Combating shadow AI

Implementing controls for government use of AI

AI legislation is on the rise

The White House Office of Management and Budget released Memorandum 24-10 for governance, innovation, and risk management in the use of Artificial Intelligence to all federal agencies and departments. The three-part focus of the memorandum is to:

  • Strengthen AI governance

  • Advance responsible AI innovation

  • Manage the risks from the use of AI

Last year, 25 states introduced legislation focused on some aspects of AI. 18 states and Puerto Rico enacted some form of legislation around AI. These legislative efforts range from initial study and evaluation of AI use all the way through governance on its use by employees to required controls to mitigate malicious or unintended consequences of AI.

Broadly speaking, this new body of legislation represents new compliance, consumption, and controls for government and other public sector organizations.

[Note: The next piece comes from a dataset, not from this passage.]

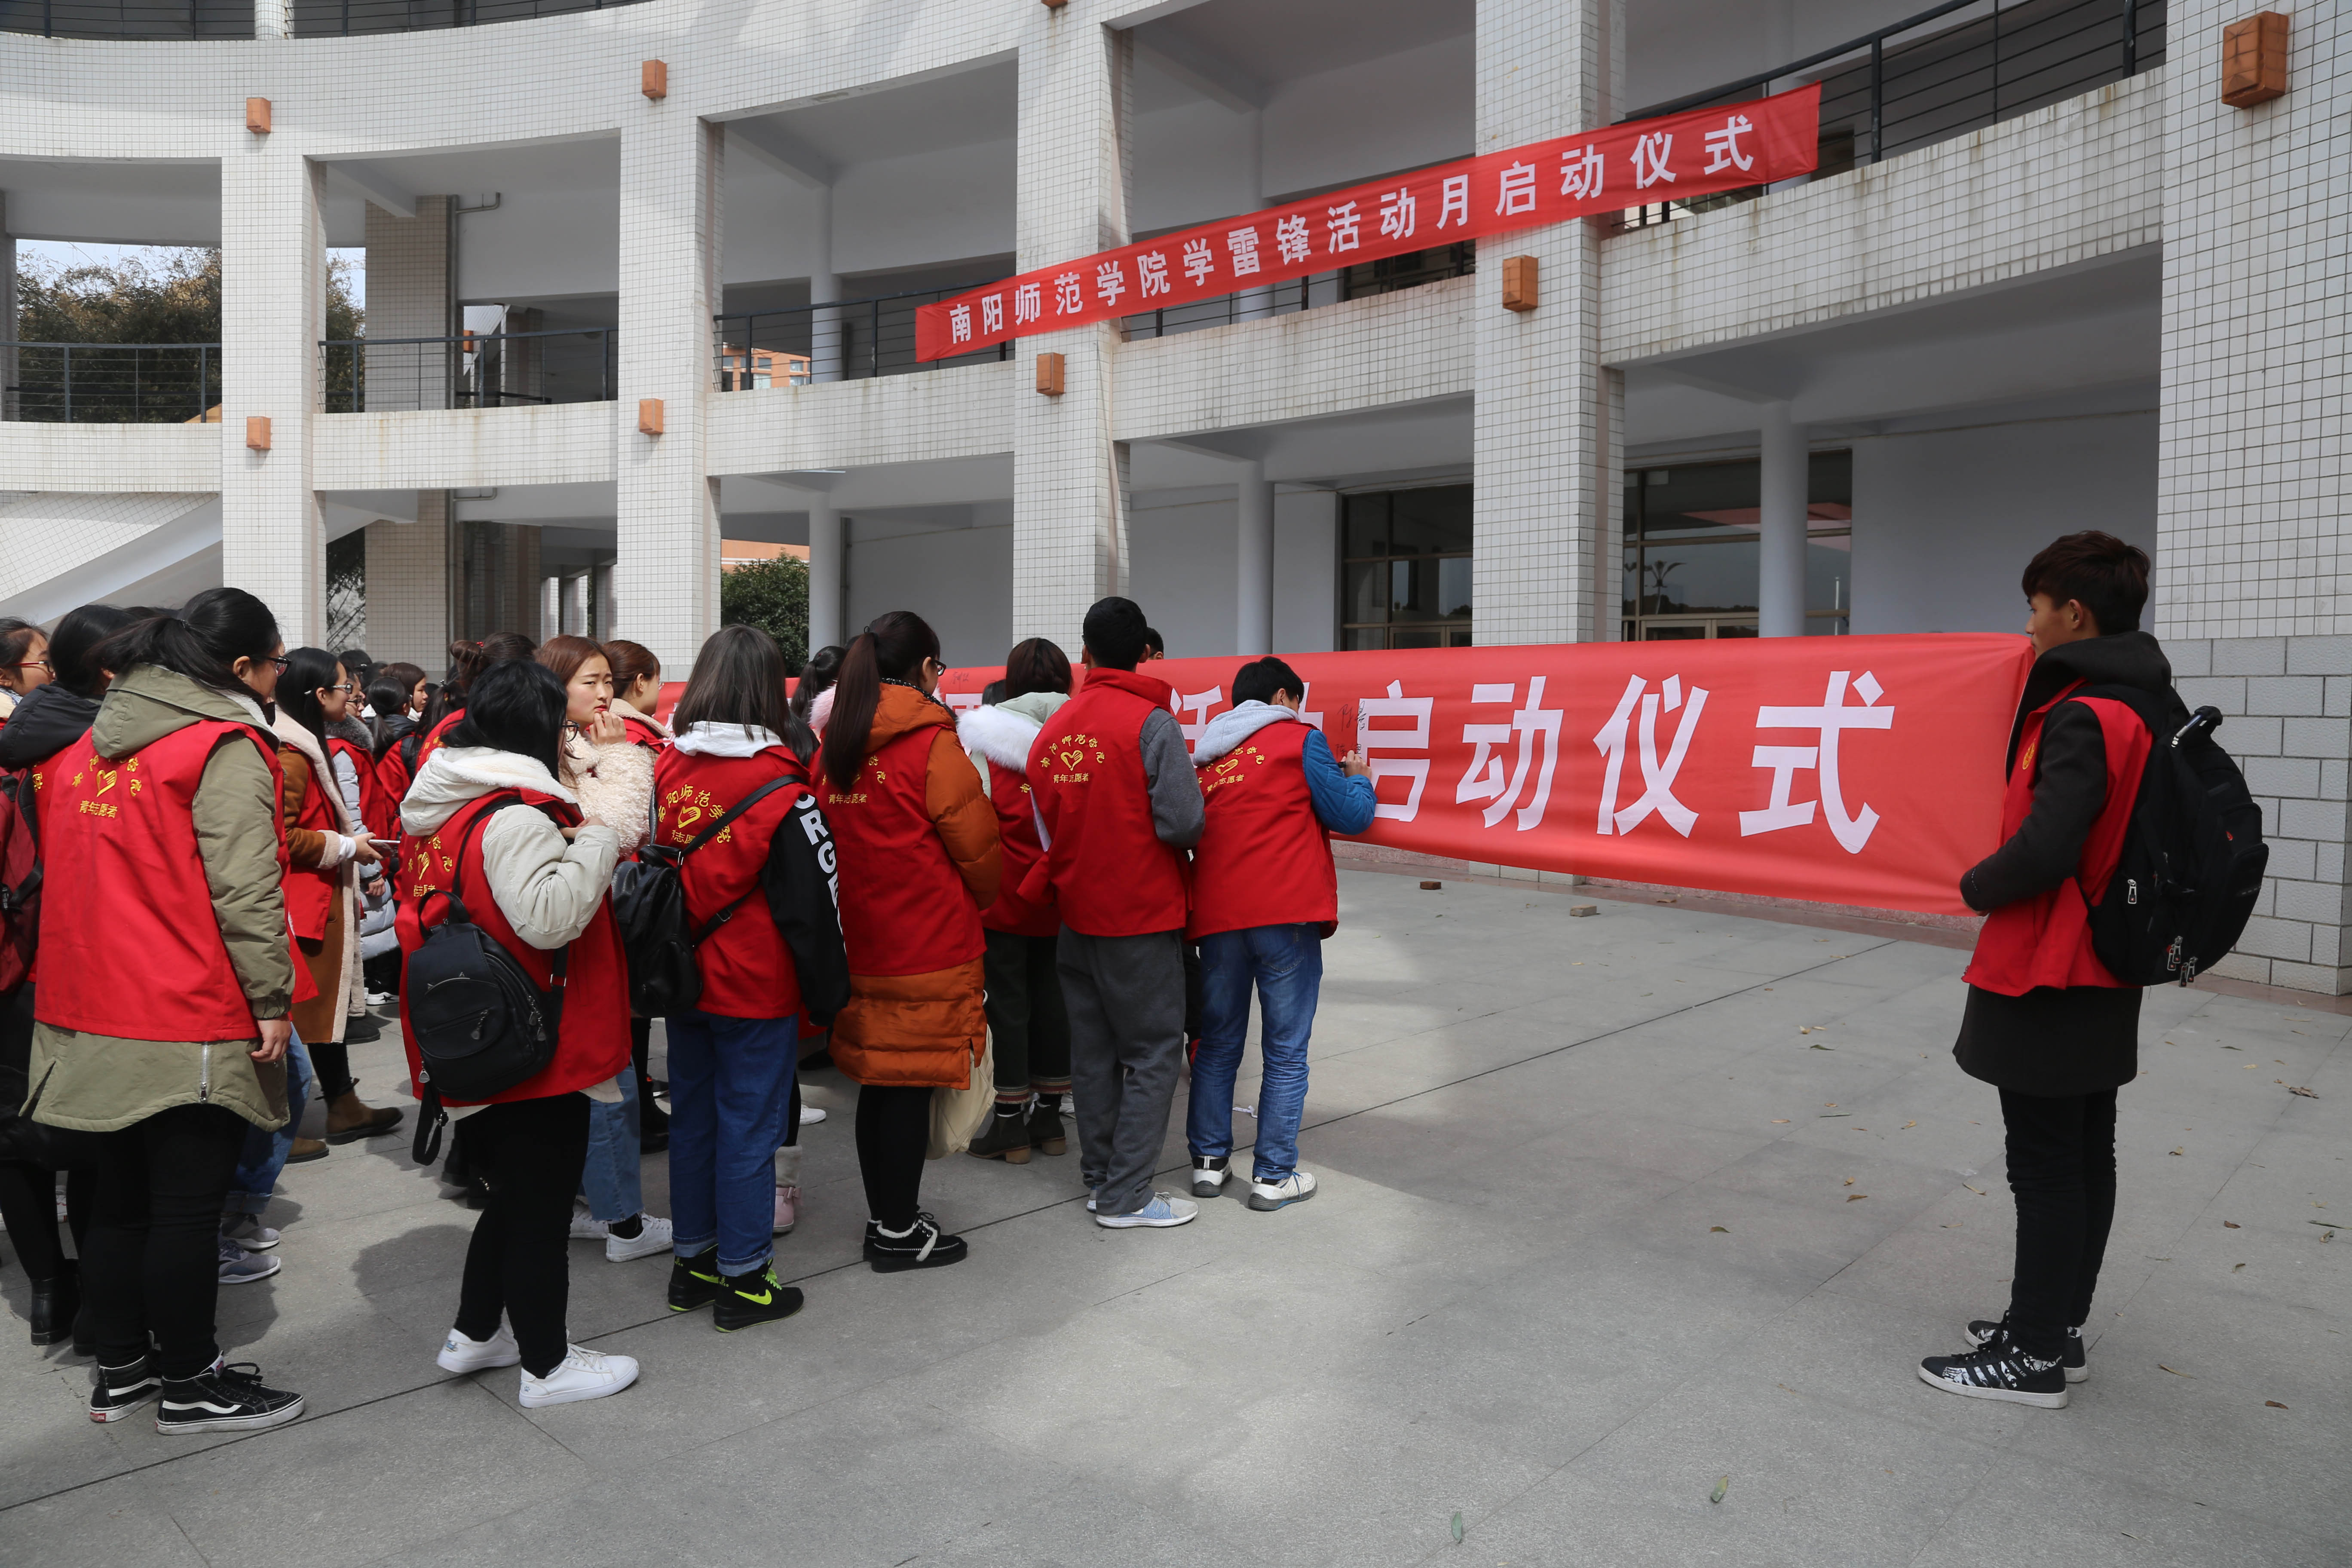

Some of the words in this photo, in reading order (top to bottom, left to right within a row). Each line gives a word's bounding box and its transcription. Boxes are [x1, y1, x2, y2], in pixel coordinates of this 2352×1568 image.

[950, 115, 1753, 343] 南阳师范学院学雷锋活动月启动仪式

In this article, we will review some of the challenges facing organizations both from the protection of public facing properties as well as identifying and crafting governance for the consumption of AI models.

Challenge #1: Protecting public Internet properties from AI bots

The impact of crawlers can be both legitimate and problematic for agencies. In some contexts, responsible crawlers and indexers will be able to use publicly accessible data enhancing citizens ability to find relevant on-line services and information.

On the other hand, poorly developed or malicious AI crawlers can scrape content to train public AI platforms without consideration for the privacy of that content.

There are numerous intellectual property and privacy concerns if this data ends up in training models that back public AI platforms. If unchecked, these bots can also hamper the performance of public websites for all users by consuming resources from legitimate interactions.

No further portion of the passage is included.